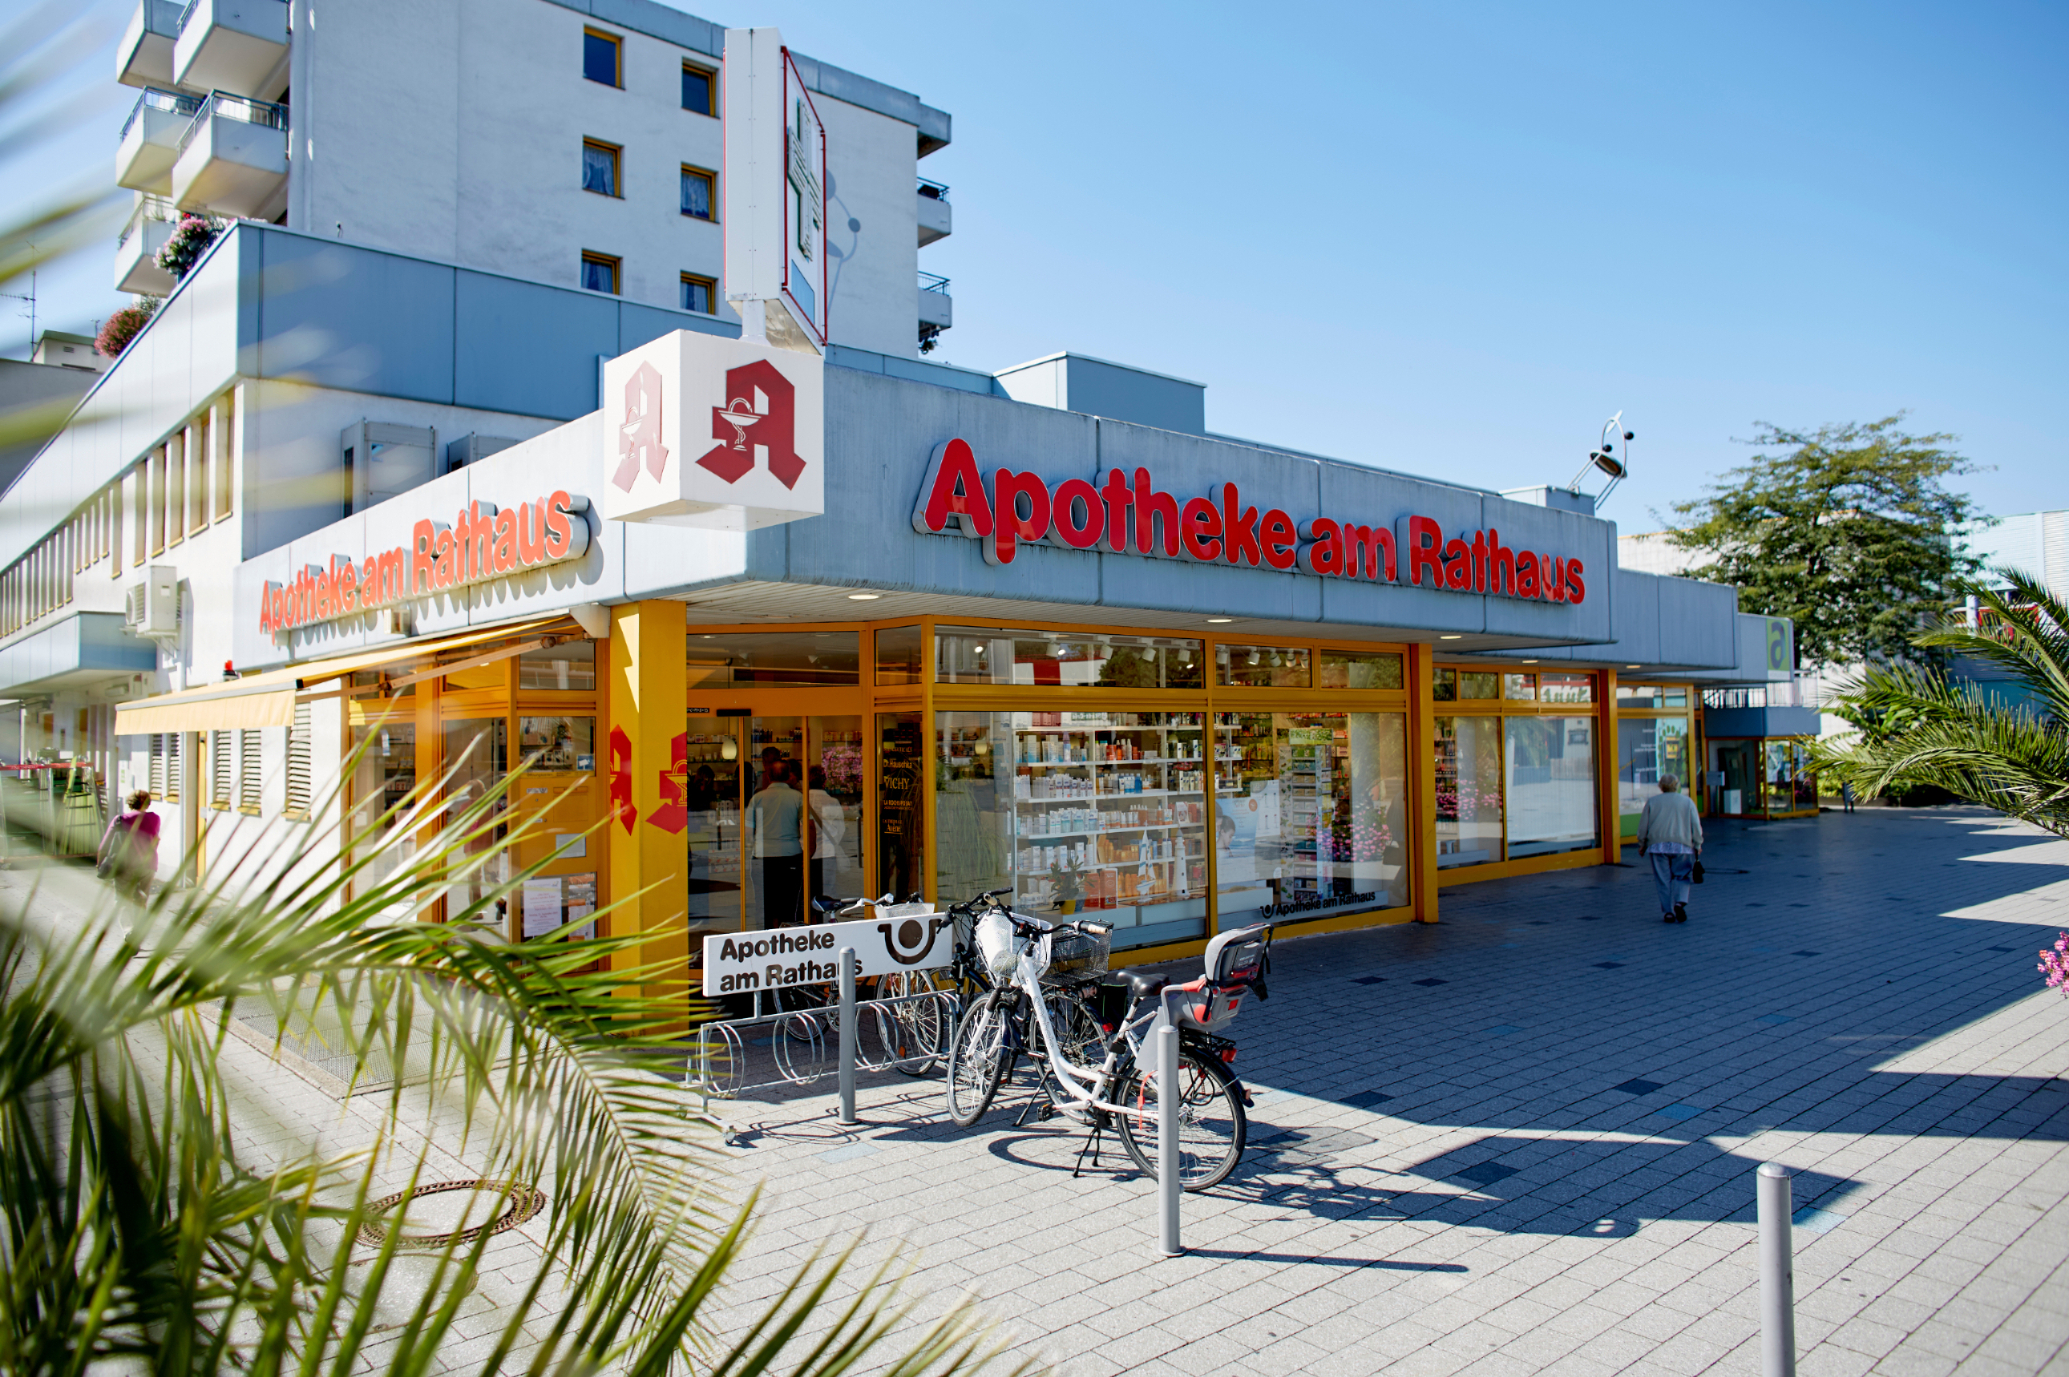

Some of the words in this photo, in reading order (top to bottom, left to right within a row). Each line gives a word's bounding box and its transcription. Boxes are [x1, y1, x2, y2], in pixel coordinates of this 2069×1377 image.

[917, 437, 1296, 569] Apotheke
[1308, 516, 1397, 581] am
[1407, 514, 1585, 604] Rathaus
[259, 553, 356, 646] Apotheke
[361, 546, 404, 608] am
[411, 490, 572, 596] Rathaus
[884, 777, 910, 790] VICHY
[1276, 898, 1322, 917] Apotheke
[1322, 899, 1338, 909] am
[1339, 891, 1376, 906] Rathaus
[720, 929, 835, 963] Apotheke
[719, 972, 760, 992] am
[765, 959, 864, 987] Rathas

**Directions:**
Every line of the listing above is to be set down verbatim, without the pictures.

**Response:**
Some of the words in this photo, in reading order (top to bottom, left to right within a row). Each line gives a word's bounding box and its transcription. Boxes are [x1, y1, x2, y2], in pixel coordinates of this 2069×1377 image.

[917, 437, 1296, 569] Apotheke
[1308, 516, 1397, 581] am
[1407, 514, 1585, 604] Rathaus
[259, 553, 356, 646] Apotheke
[361, 546, 404, 608] am
[411, 490, 572, 596] Rathaus
[884, 777, 910, 790] VICHY
[1276, 898, 1322, 917] Apotheke
[1322, 899, 1338, 909] am
[1339, 891, 1376, 906] Rathaus
[720, 929, 835, 963] Apotheke
[719, 972, 760, 992] am
[765, 959, 864, 987] Rathas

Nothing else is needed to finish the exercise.